In this thesis we first study multiple vector bundles,
which we define as certain functors from an indexing
cube category to the category of smooth manifolds.
We describe in detail the cores of n-fold vector bundles
and we define an n-pullback of an n-fold vector bundle,
as well as n-fold analogues of the core sequences for
double vector bundles. We prove the existence of
splittings and decompositions of multiple vector bundles,
thus showing an equivalent definition in terms of
n-fold vector bundle atlases. Furthermore, we define
multiply linear sections of an n-fold vector bundle and
the category of symmetric n-fold vector bundles as
n-fold vector bundles equipped with a certain signed
action of the symmetric group $S_n$.

Secondly, we study linear generalised complex structures on
vector bundles. We show the existence of adapted Dorfman
connections, which then give adapted linear splittings.
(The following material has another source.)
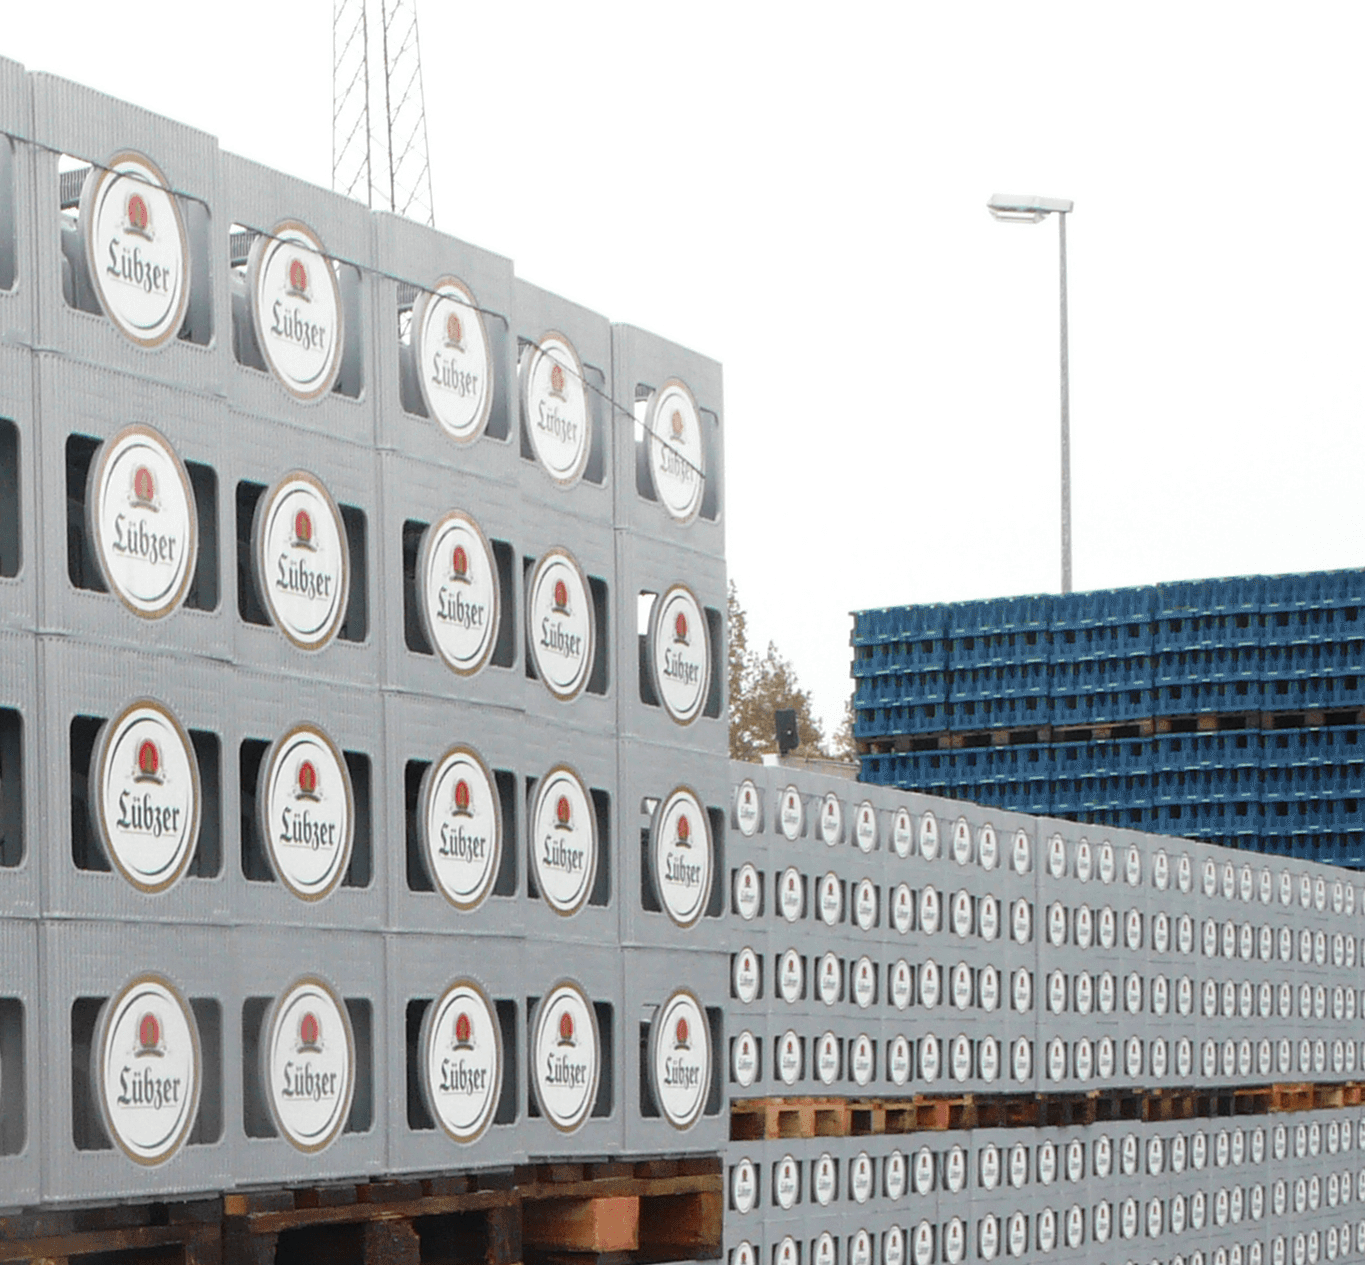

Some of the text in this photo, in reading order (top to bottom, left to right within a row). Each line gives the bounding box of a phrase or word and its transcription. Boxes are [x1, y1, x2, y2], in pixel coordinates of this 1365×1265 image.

This allows
to lift the side morphism on $TM\oplus E^*$ to the generalised
complex structure in $TE\oplus T^*E$. We describe under which
conditions on the side morphism and the Dorfman connection they
induce a linear generalised complex structure, furthermore
we show the equivalent description in terms of complex VB-Dirac
structures in $T_\C E\oplus T_\C^*E$. Then we study the
compatibility of a linear generalised complex structure with
an additional Lie algebroid structure and we
recover the conditions for morphisms of 2-term representations
up to homotopy. We prove that the side and core of the
aforementioned complex VB-Dirac structures form complex Lie
bialgebroids and we study the induced Drinfeld doubles. In the
special case of a complex structure we show that these can be
recovered from matched pairs of Courant algebroids. Finally,
we translate our results to the abstract setting of VB-Courant
algebroids, describing in a splitting the compatibility with
the corresponding split Lie 2-algebroid.